=== Records supplied ===
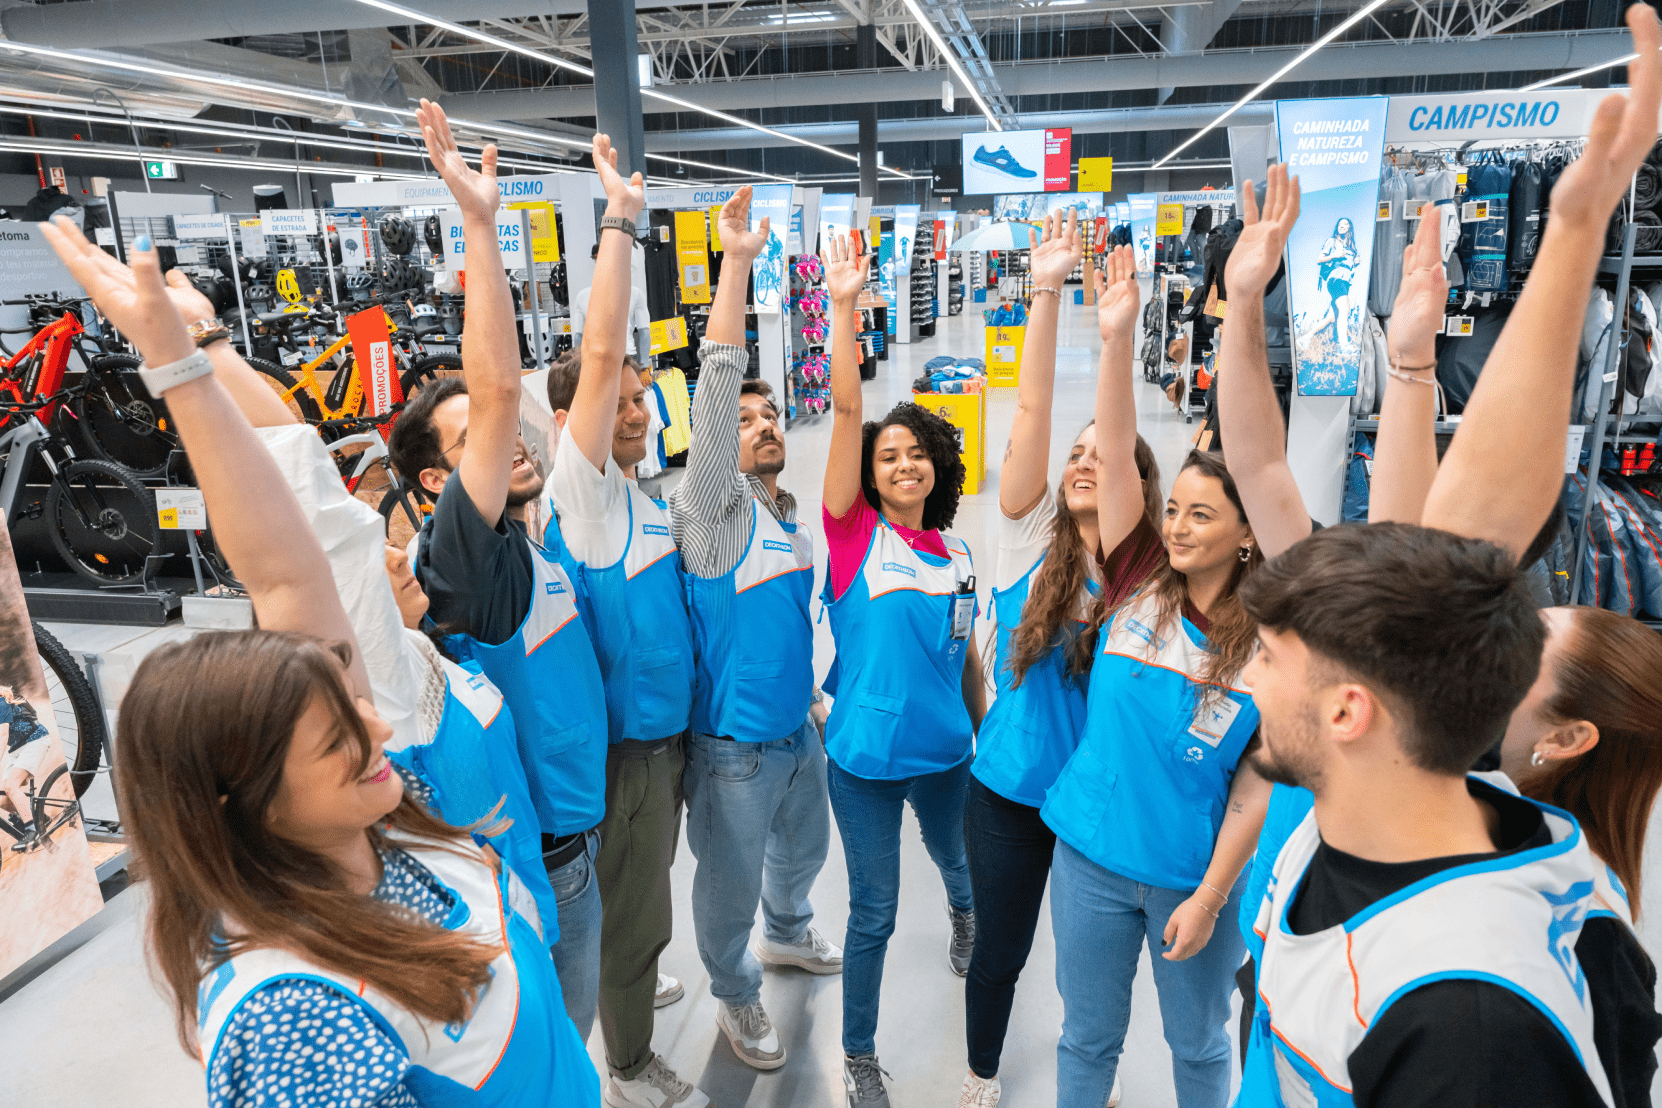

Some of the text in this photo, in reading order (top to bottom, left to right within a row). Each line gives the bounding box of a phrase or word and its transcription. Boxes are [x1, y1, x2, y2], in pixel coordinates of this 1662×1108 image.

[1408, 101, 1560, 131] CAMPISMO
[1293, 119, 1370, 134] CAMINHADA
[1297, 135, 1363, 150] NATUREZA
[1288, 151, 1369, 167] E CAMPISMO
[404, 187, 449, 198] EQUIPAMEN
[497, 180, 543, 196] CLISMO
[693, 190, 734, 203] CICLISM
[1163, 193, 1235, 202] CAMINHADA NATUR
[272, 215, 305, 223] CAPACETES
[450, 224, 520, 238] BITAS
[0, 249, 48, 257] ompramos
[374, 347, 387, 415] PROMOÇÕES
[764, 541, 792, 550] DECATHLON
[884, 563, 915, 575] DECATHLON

=== Problem description ===
The records above must be retyped exactly. Please omit the pictures.

=== Answer box ===
Some of the text in this photo, in reading order (top to bottom, left to right within a row). Each line gives the bounding box of a phrase or word and its transcription. Boxes are [x1, y1, x2, y2], in pixel coordinates of this 1662×1108 image.

[1408, 101, 1560, 131] CAMPISMO
[1293, 119, 1370, 134] CAMINHADA
[1297, 135, 1363, 150] NATUREZA
[1288, 151, 1369, 167] E CAMPISMO
[404, 187, 449, 198] EQUIPAMEN
[497, 180, 543, 196] CLISMO
[693, 190, 734, 203] CICLISM
[1163, 193, 1235, 202] CAMINHADA NATUR
[272, 215, 305, 223] CAPACETES
[450, 224, 520, 238] BITAS
[0, 249, 48, 257] ompramos
[374, 347, 387, 415] PROMOÇÕES
[764, 541, 792, 550] DECATHLON
[884, 563, 915, 575] DECATHLON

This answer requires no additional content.